Saved entries
- Opening Delimiter -

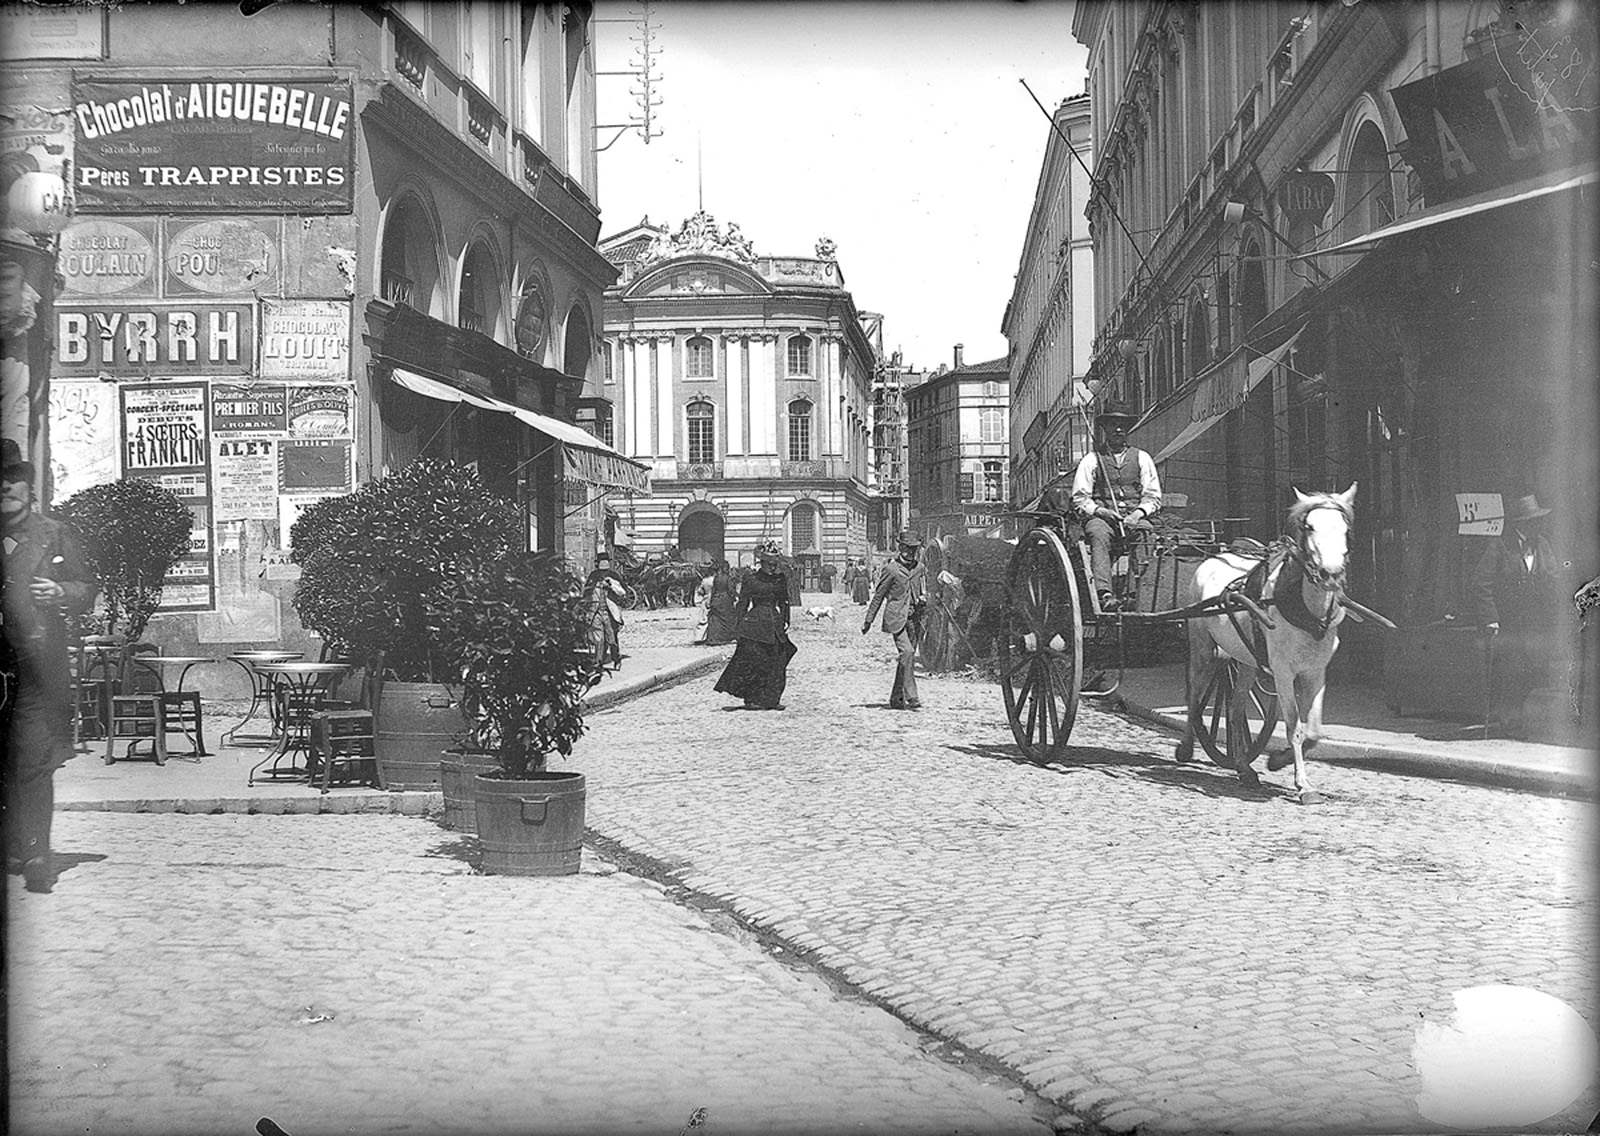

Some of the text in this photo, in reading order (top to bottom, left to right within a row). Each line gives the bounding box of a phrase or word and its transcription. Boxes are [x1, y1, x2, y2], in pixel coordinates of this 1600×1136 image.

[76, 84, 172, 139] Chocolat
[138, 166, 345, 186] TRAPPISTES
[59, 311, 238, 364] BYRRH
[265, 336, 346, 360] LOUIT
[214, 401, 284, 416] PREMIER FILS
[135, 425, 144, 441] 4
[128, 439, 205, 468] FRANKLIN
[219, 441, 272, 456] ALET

- Closing Delimiter -

• Aim of the task: Would you return the entries verbatim, minus any images?

• Reply to the exercise:
Some of the text in this photo, in reading order (top to bottom, left to right within a row). Each line gives the bounding box of a phrase or word and its transcription. Boxes are [x1, y1, x2, y2], in pixel coordinates of this 1600×1136 image.

[76, 84, 172, 139] Chocolat
[138, 166, 345, 186] TRAPPISTES
[59, 311, 238, 364] BYRRH
[265, 336, 346, 360] LOUIT
[214, 401, 284, 416] PREMIER FILS
[135, 425, 144, 441] 4
[128, 439, 205, 468] FRANKLIN
[219, 441, 272, 456] ALET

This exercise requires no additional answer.